- HOW TO COMPLETE THIS TASK
Where a picture appears, leave it out, and print the rest of the records as they are.

■ ■ ■ ■

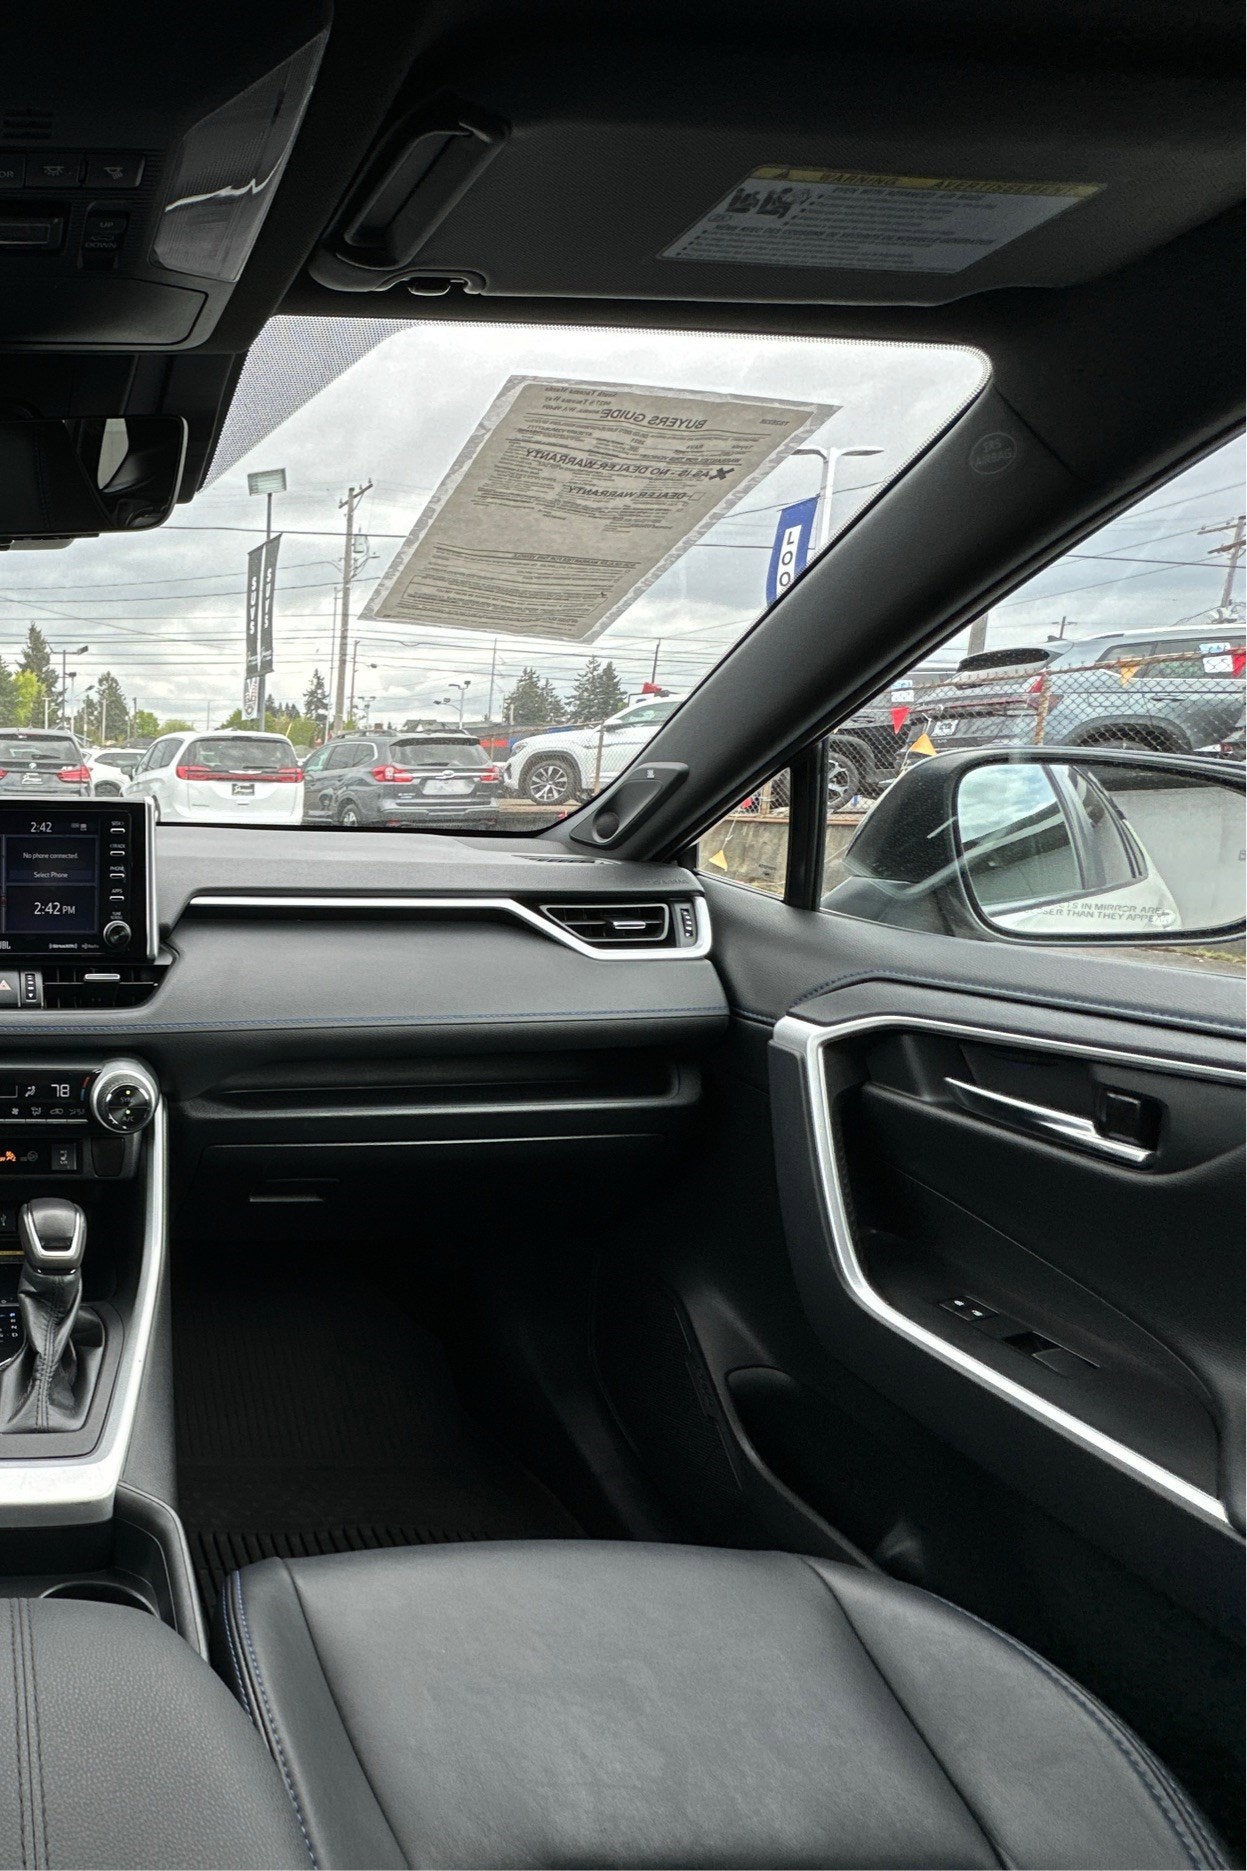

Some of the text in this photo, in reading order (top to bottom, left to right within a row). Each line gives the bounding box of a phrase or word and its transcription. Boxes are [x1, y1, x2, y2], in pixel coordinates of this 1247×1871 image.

[30, 821, 52, 832] 2:42
[34, 901, 76, 915] 2:42 PM
[1094, 903, 1138, 913] MIRROR
[1067, 909, 1094, 918] THAN
[1097, 911, 1124, 920] THEY
[51, 1084, 70, 1097] 78
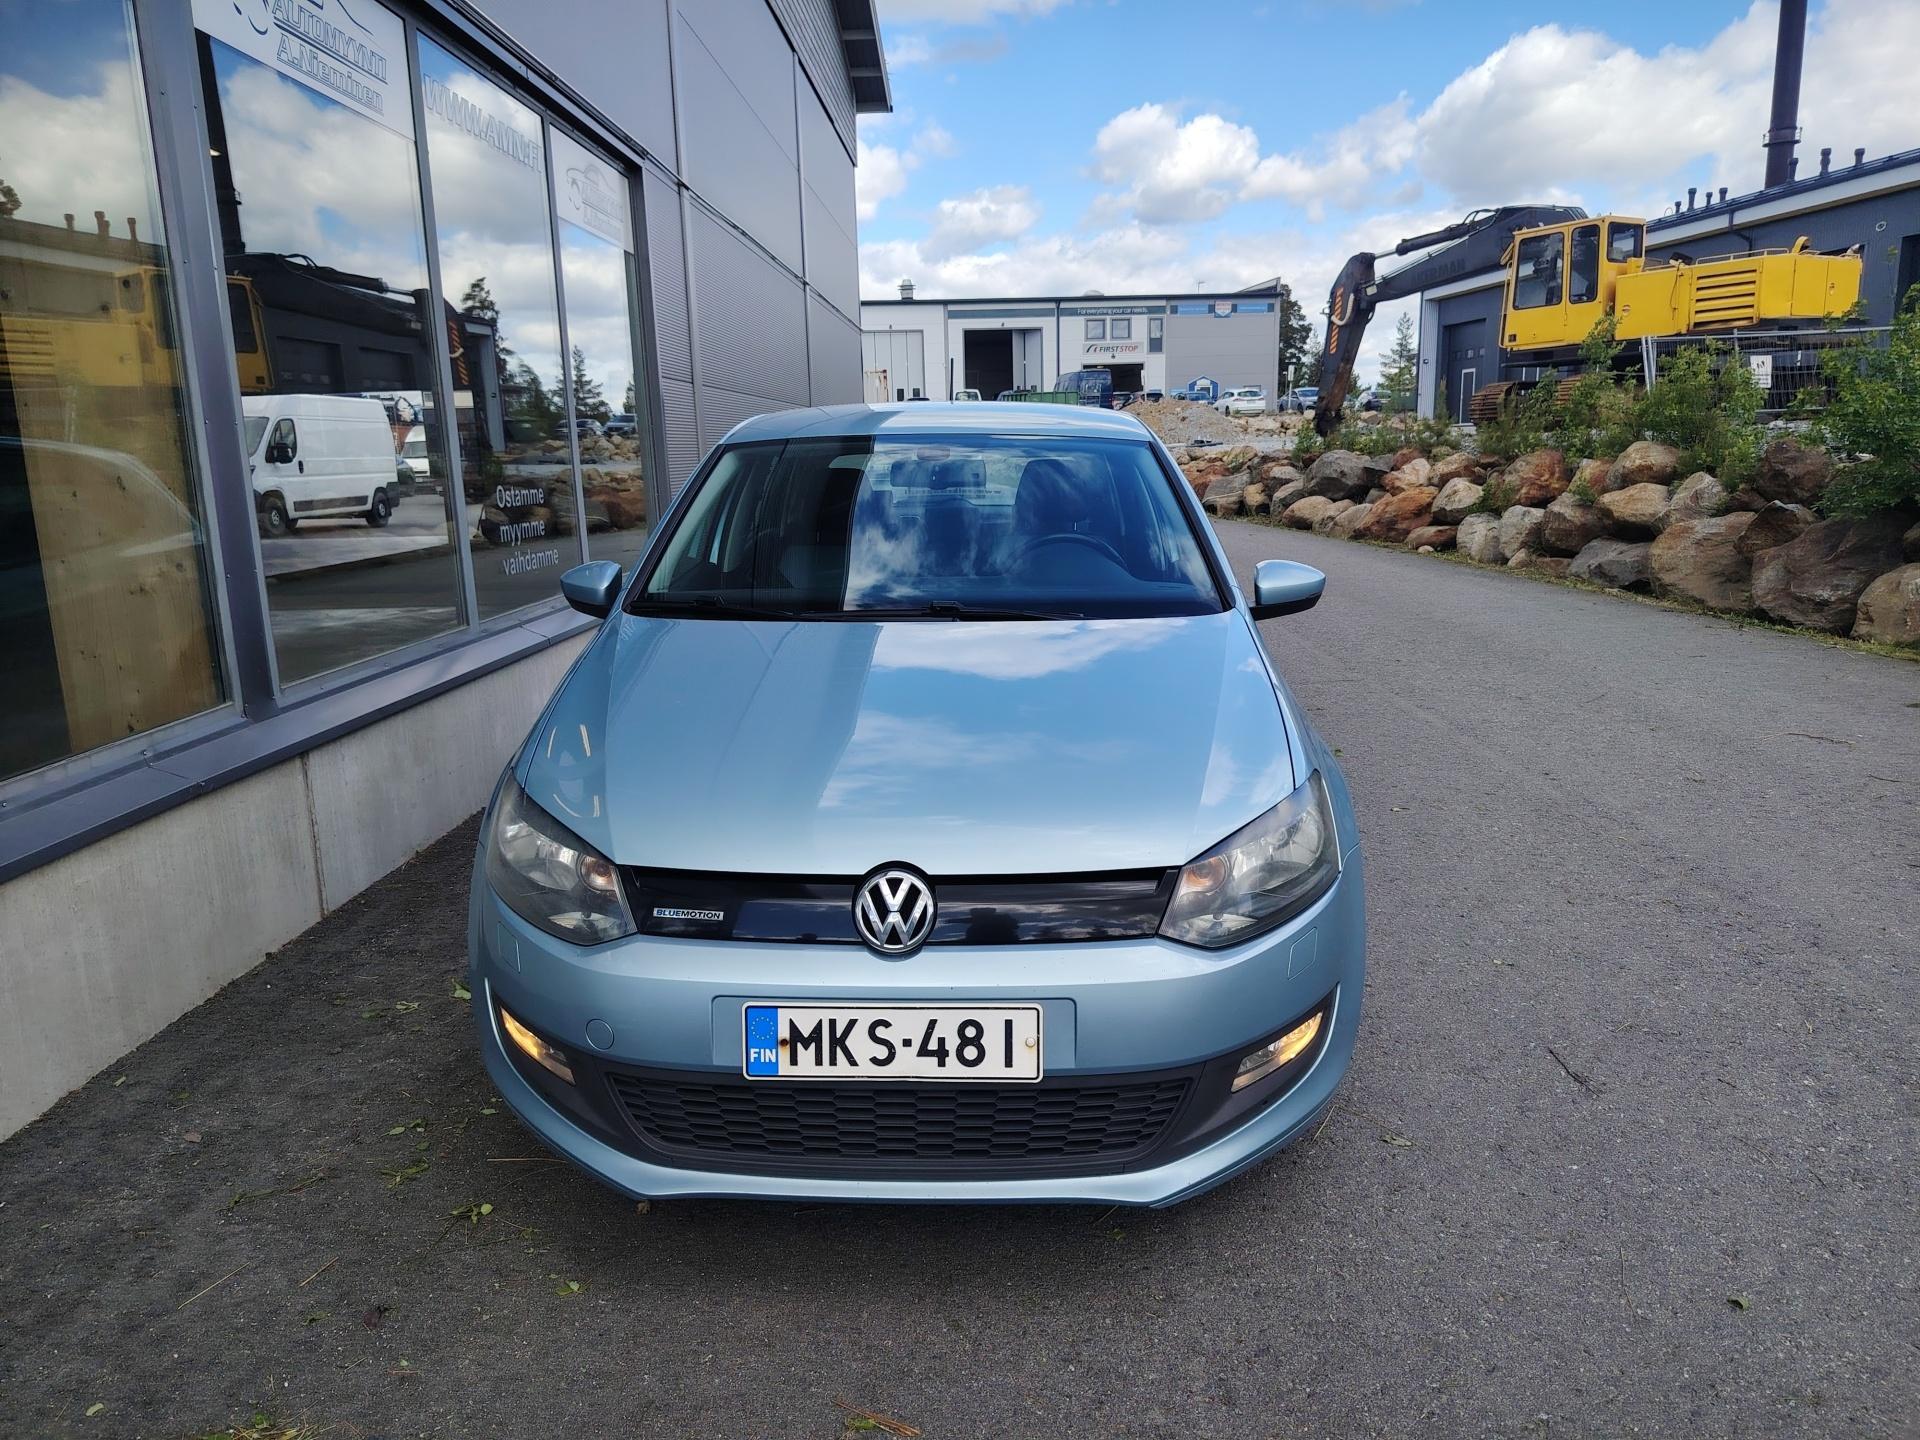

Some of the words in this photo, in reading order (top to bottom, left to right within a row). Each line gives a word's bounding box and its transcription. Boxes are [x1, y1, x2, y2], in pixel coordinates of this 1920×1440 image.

[271, 0, 388, 81] AUTOMYYNTI
[423, 73, 543, 174] WWW.AMN.FI
[496, 485, 545, 509] Ostamme
[500, 519, 546, 547] myymme
[502, 548, 560, 576] vaihdamme
[655, 908, 721, 920] BLUEMOTION
[750, 1048, 776, 1063] FIN
[789, 1018, 1013, 1069] MKS-481

■ ■ ■ ■

- EXERCISE ANSWER
Some of the text in this photo, in reading order (top to bottom, left to right within a row). Each line gives the bounding box of a phrase or word and its transcription. Boxes are [x1, y1, x2, y2], in pixel coordinates of this 1247×1871 image.

[30, 821, 52, 832] 2:42
[34, 901, 76, 915] 2:42 PM
[1094, 903, 1138, 913] MIRROR
[1067, 909, 1094, 918] THAN
[1097, 911, 1124, 920] THEY
[51, 1084, 70, 1097] 78

Some of the words in this photo, in reading order (top to bottom, left to right within a row). Each line gives a word's bounding box and its transcription. Boxes are [x1, y1, x2, y2], in pixel coordinates of this 1920×1440 image.

[271, 0, 388, 81] AUTOMYYNTI
[423, 73, 543, 174] WWW.AMN.FI
[496, 485, 545, 509] Ostamme
[500, 519, 546, 547] myymme
[502, 548, 560, 576] vaihdamme
[655, 908, 721, 920] BLUEMOTION
[750, 1048, 776, 1063] FIN
[789, 1018, 1013, 1069] MKS-481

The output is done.